— Problem to work on —
Set down the lines below, exactly, starting at the one that contains "this 1250×1875 image." and stopping at the last line, inclusive. Omit pictures.

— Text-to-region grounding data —
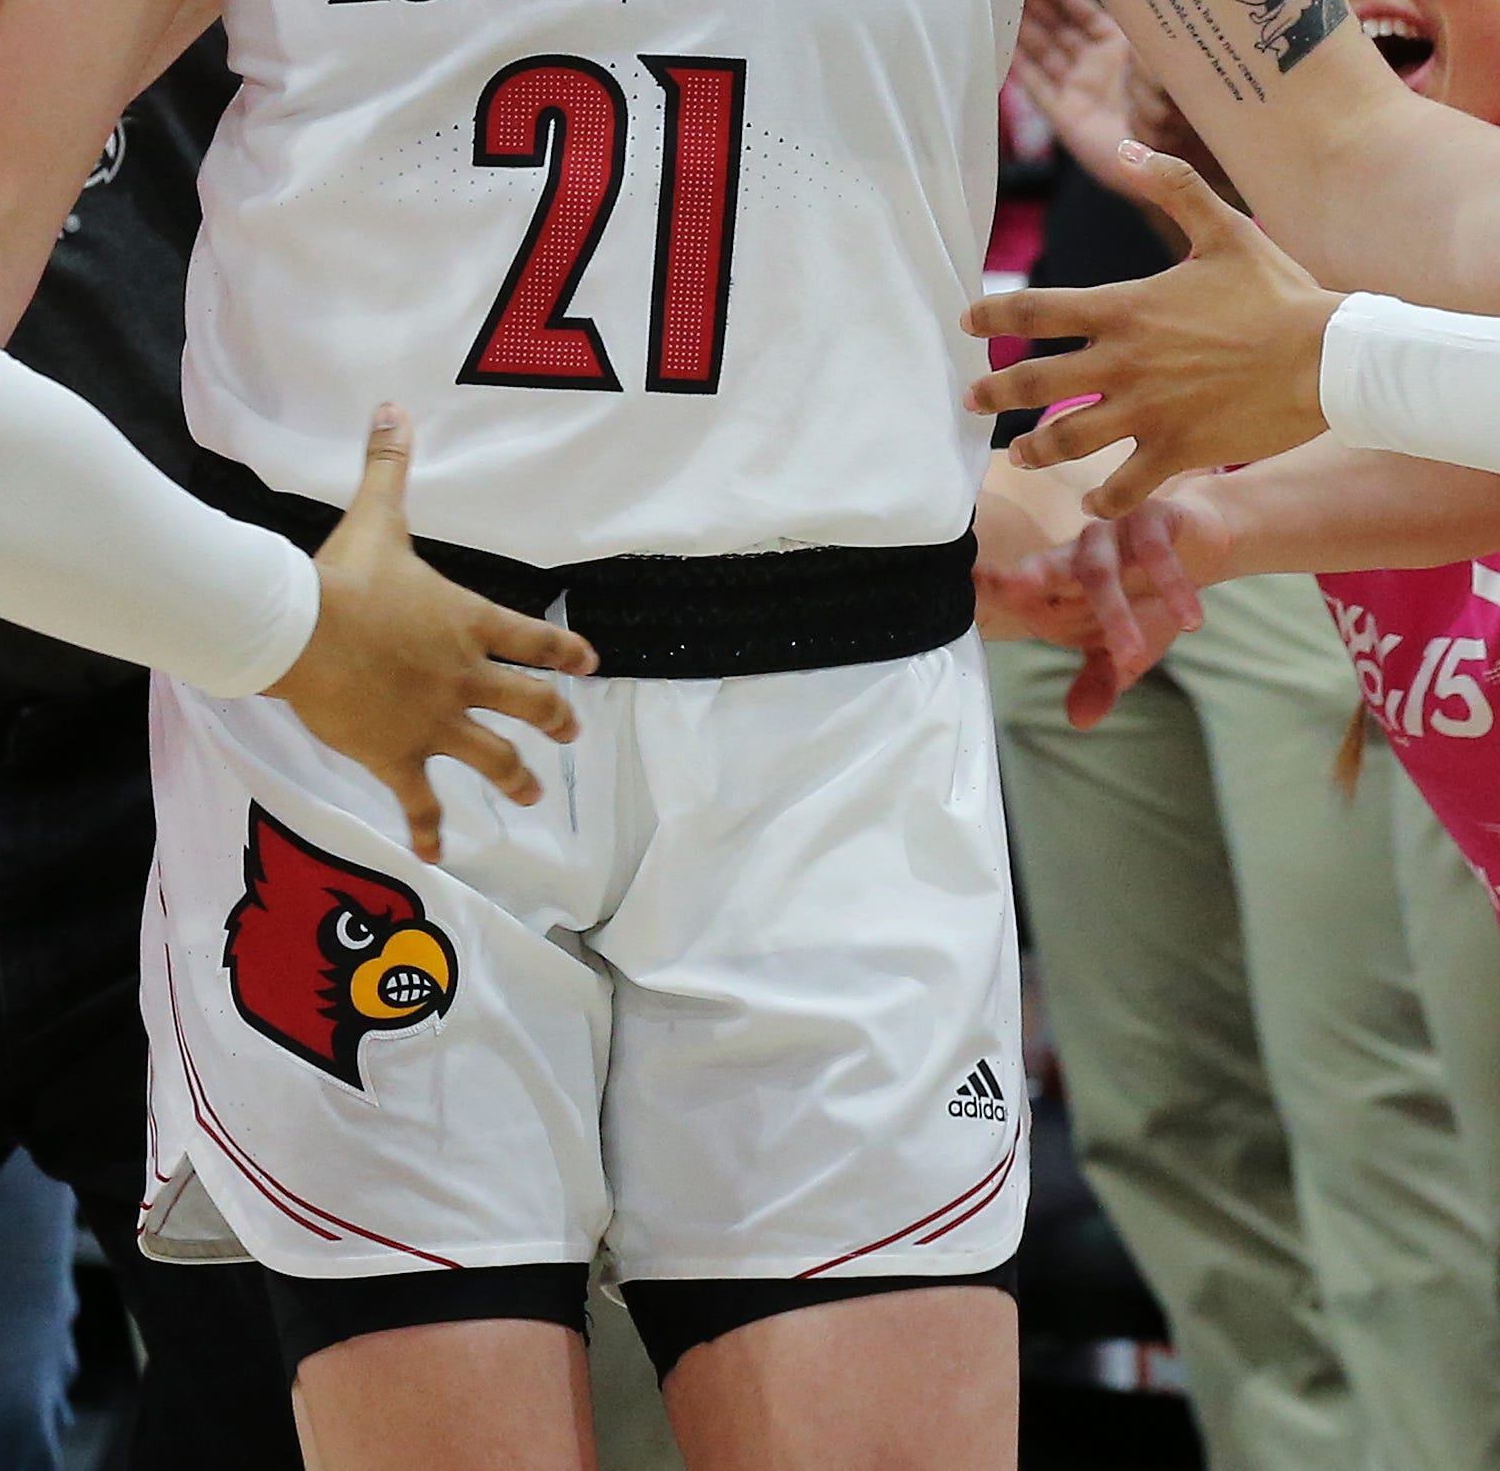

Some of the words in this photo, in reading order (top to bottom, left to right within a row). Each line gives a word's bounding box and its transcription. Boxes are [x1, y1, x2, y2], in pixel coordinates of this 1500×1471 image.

[456, 53, 747, 395] 21
[1402, 636, 1494, 739] 15
[948, 1096, 1009, 1122] adida
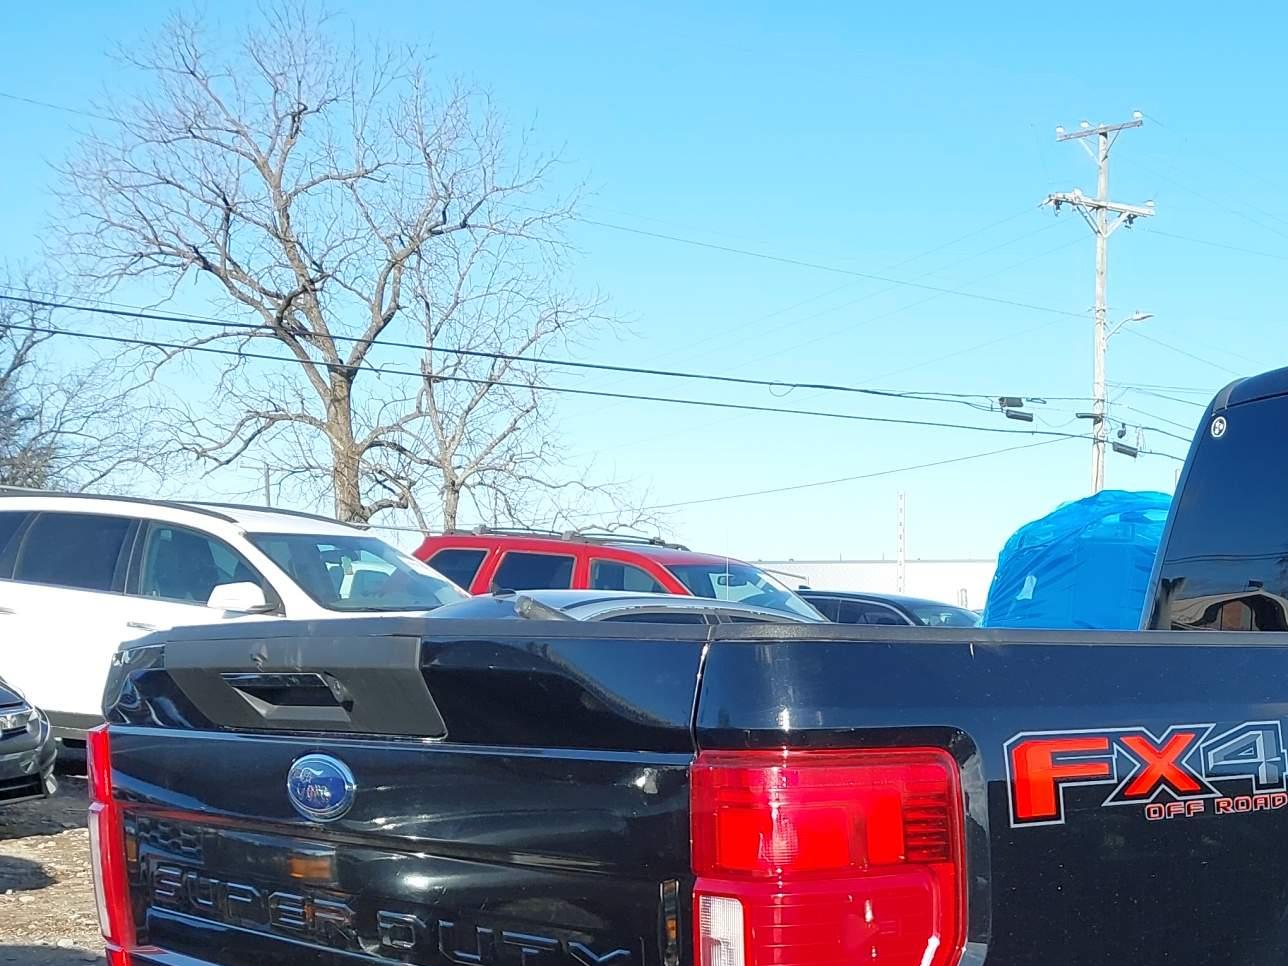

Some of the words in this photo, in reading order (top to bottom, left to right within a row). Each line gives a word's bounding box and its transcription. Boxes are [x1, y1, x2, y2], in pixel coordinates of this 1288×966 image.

[1003, 720, 1288, 828] FX4
[1145, 800, 1205, 821] OFF
[1215, 793, 1288, 815] ROAD
[152, 864, 358, 946] SUPER
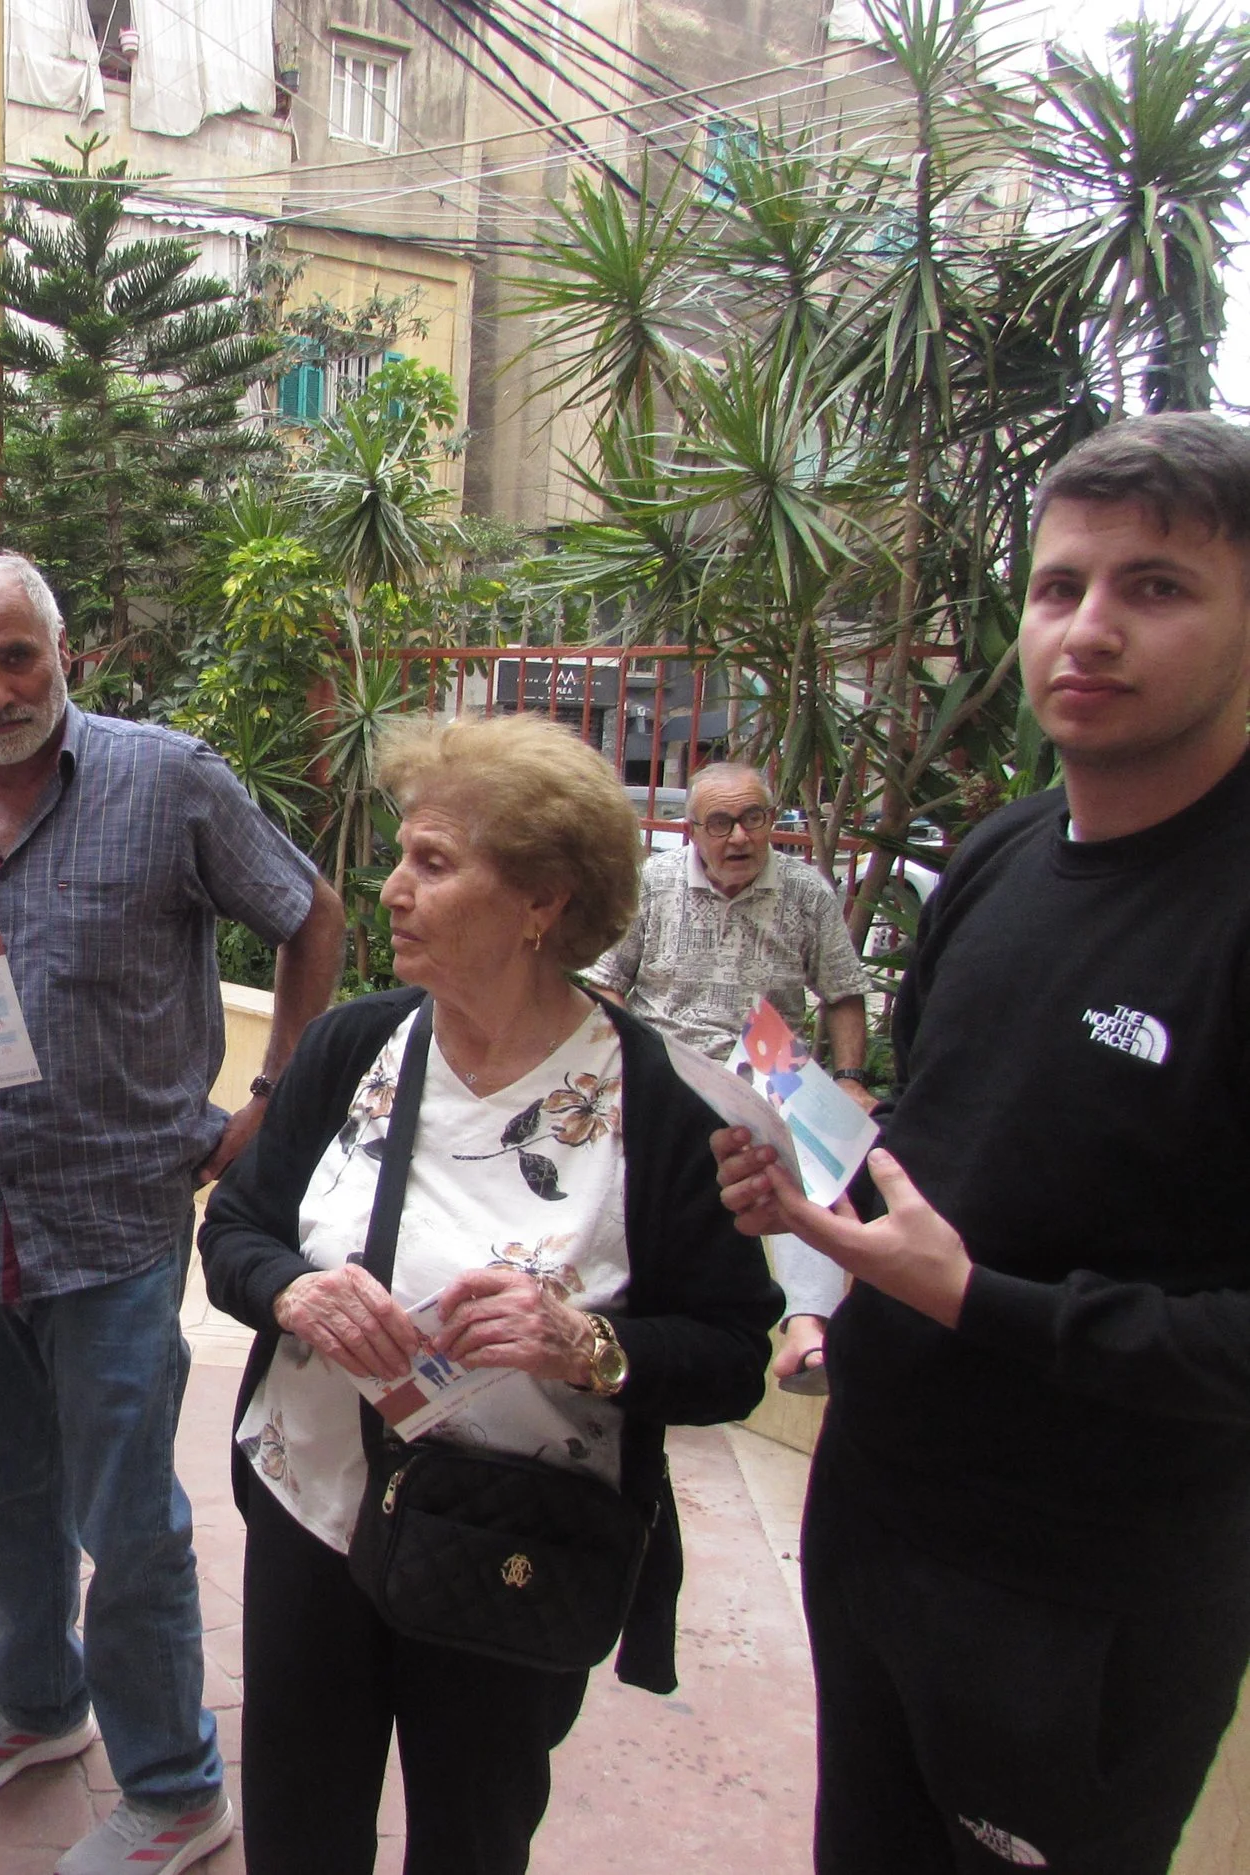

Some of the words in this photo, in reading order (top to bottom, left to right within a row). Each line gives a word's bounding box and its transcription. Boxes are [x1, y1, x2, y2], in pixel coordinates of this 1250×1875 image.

[1081, 1008, 1139, 1040] NORTH
[1114, 1004, 1145, 1026] THE
[1090, 1026, 1132, 1052] FACE
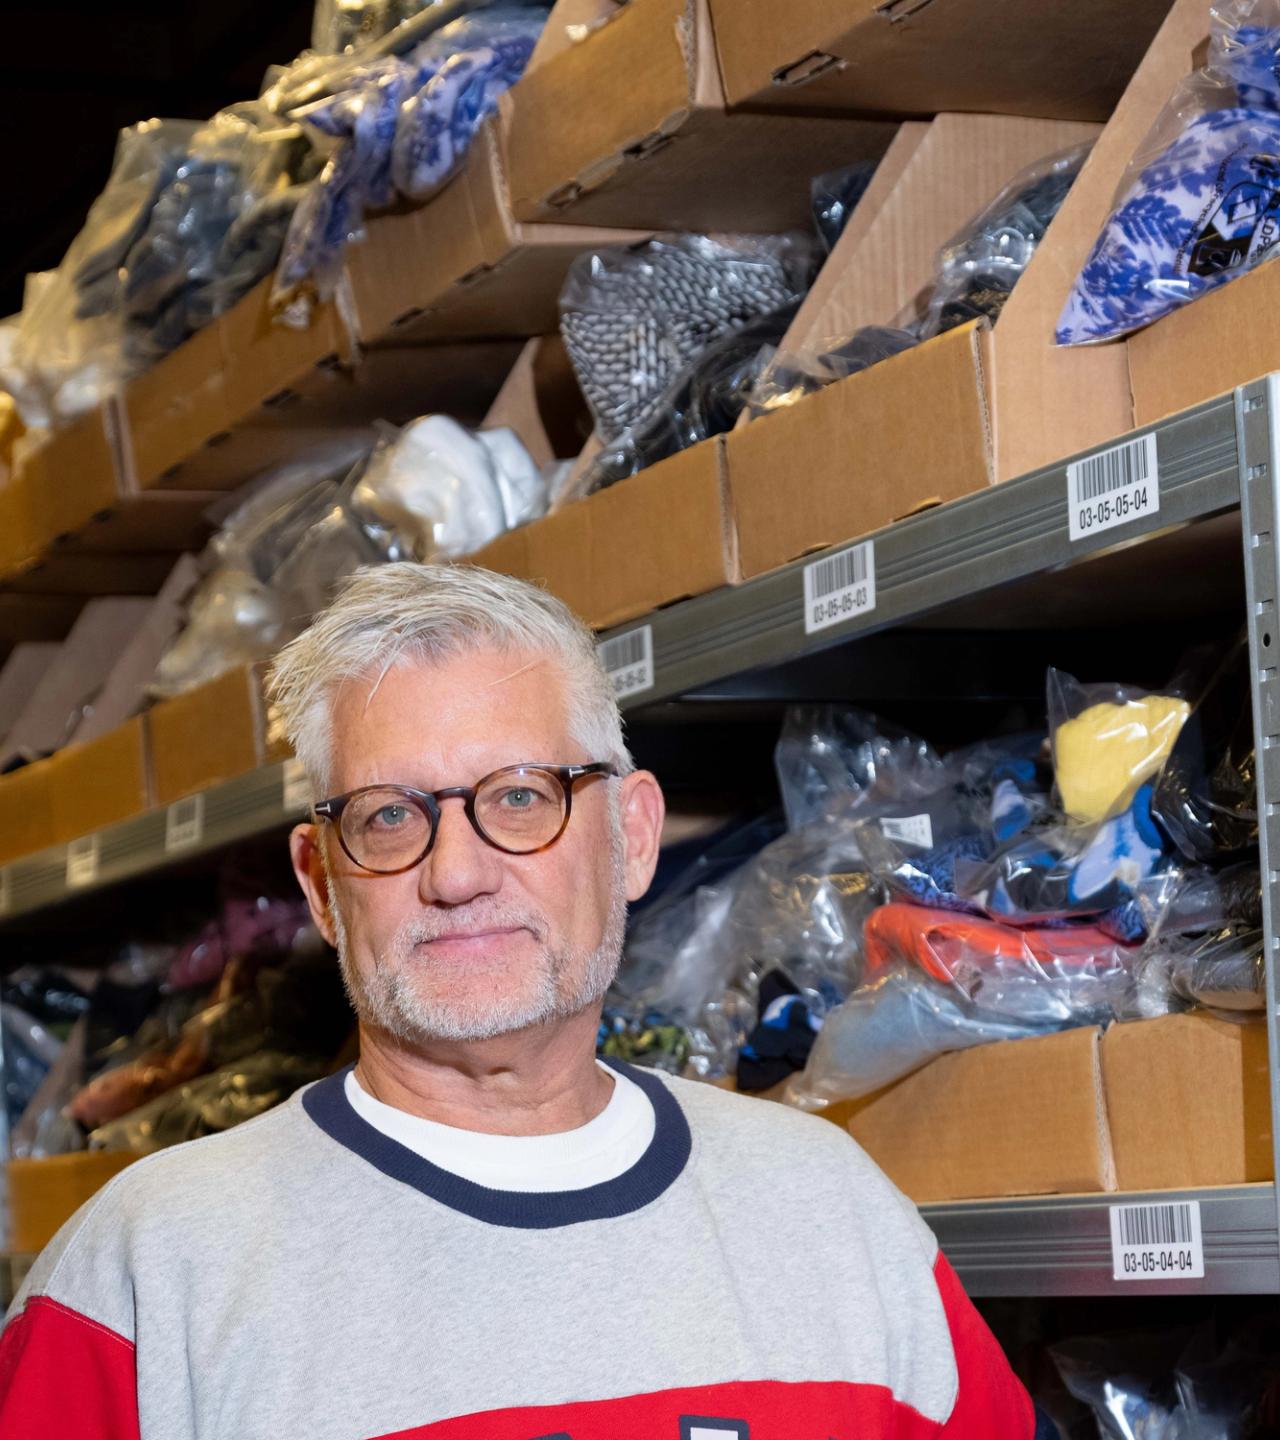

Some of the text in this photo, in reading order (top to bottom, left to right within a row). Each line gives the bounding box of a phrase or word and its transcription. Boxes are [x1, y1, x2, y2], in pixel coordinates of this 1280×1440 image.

— Expected output —
Some of the words in this photo, in reading order (top to bottom, left to right within a row). Each line gives a word's bounding box and its transcription. Boxes are [x1, y1, x2, y2], in pixel coordinates of this 1250×1875 image.

[1081, 1008, 1139, 1040] NORTH
[1114, 1004, 1145, 1026] THE
[1090, 1026, 1132, 1052] FACE

Some of the text in this photo, in reading order (top to bottom, left to right within a row). Each line gives the bounding box of a phrase or word and its transcription. Boxes are [x1, y1, x2, y2], in pixel coordinates of this 1280×1440 image.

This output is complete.